Help me understand licensing

Discussion in 'Prop Firms' started by rogerwilcom, Aug 29, 2012.

  1. I have a few questions if anyone has the time to help me out.

    1) If I understand things correctly, if I trade with a US based prop firm that is a broker/dealer, I am required to get a Series 56. Is this correct?

    2) If I trade with a US firm that is NOT a broker/dealer, what sort of licensing would I be required to get? Would I need to be an Investment Adviser?

    3) If I am trading through an LLC with another trader or two. Are the individuals that make up the LLC required to get a series 56 or become investment advisers? Or can the LLC be licensed and that would cover whoever worked or was a partner in the LLC?

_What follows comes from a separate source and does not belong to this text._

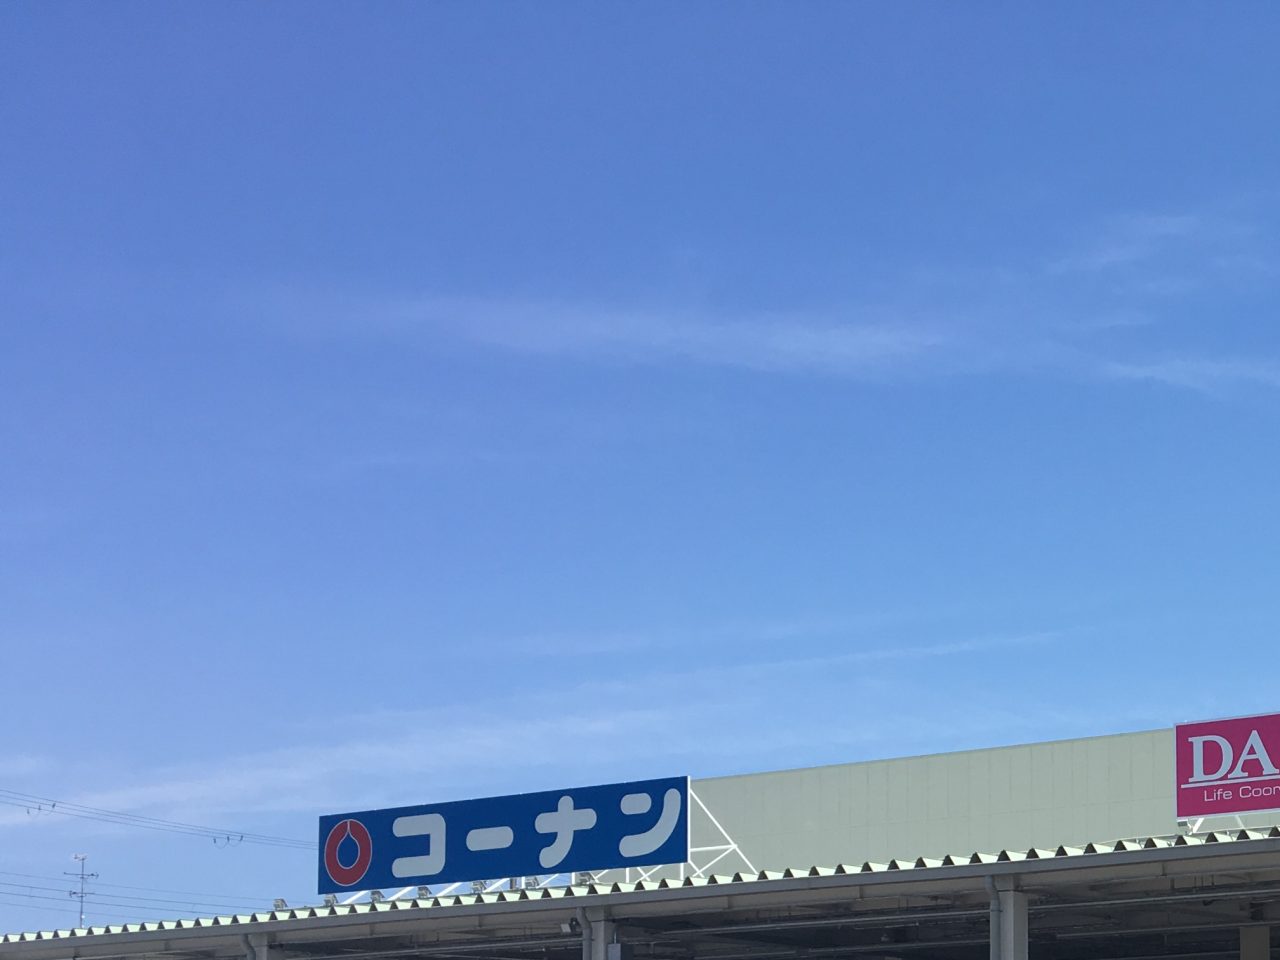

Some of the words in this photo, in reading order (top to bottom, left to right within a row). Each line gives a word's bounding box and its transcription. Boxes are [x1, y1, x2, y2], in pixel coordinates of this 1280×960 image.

[1204, 787, 1233, 802] Life
[391, 788, 681, 878] コーナン

    Thank you for your time.

  2. you are required to get a series 56 if you trade with a CBSX firm. The exchange that oversees the firm is regulated and has these requirements. It is different for companies outside the US but there is less oversight. The big US exchanges usually require a license like 7 or 56 in the case of the cbsx.

    Overseas firms have less requirements but less oversight as well. they seem to go hand-in-hand these days.
  3. EvOTrader,

    Thank you for the response. Do you know what would happen in this scenario?

    There is a broker/dealer that would like me to trade their money (I am not putting up a risk deposit). Initially, they asked me whether I had any licensing (i.e. a series 7). I do not. So, they structured me under one of their other companies that is not a broker/dealer. The reason for this was so that it would't be necessary for me to have a series 7 or 56. However, this opened another can of worms.

    I'm now wondering and trying to find out if I would have to be a Registered Investment Advisor to trade that companies money. Do you know one way or another? Signs are pointing that way. However, I cannot find an answer. Even when asking the State.

    Thanks again.

  4. Hi Roger, sounds pretty fishy to me. why not study and pass the series 56 or the series 7 and do it right with a reputable firm? don't go with some one who is bending the rules. if they will bend the rules, they may also bend the rules when dealing fairly with you .
  5. I plan on getting the 56 or 7 eventually. Although I have no idea which one at this point. Naturally I want to get the one that would work in more firms.

    You are right, this firm may be bending things a bit. However, I really think it is because they want me in there without causing me headaches. (Since I'm not putting a deposit down, the worst that can happen is they short me in the payout. Which I would promptly use as a reason to leave.)

    Right now, I'm just concerned whether I need to be a RIA with them or not in this situation. That answer seems to be hard to find. If I do need to be a RIA, I would opt for the 7 or 56 instead.

    Thanks everyone.
  6. Aaggh, yep, what is said above, the fishy part. Way too much stuff coming down from the Regulators to even consider a non registered firm....UNLESS, you're hired with a salary, W2 type income.

  7. VinMan


    Don what is the risk to the trader of the non registered firm as far as regulators are concerned? Wouldnt they be a "customer"?

    Or is the only risk you are talking about the risk deposit and your money disappearing more potentially at a non registered firm.

    Are there stats that show how many traders lost risk deposit registered vs non registered?
  8. That is a good question. If a trader is not licensed, would only the firm get hammered? Or would the trader get punished as well?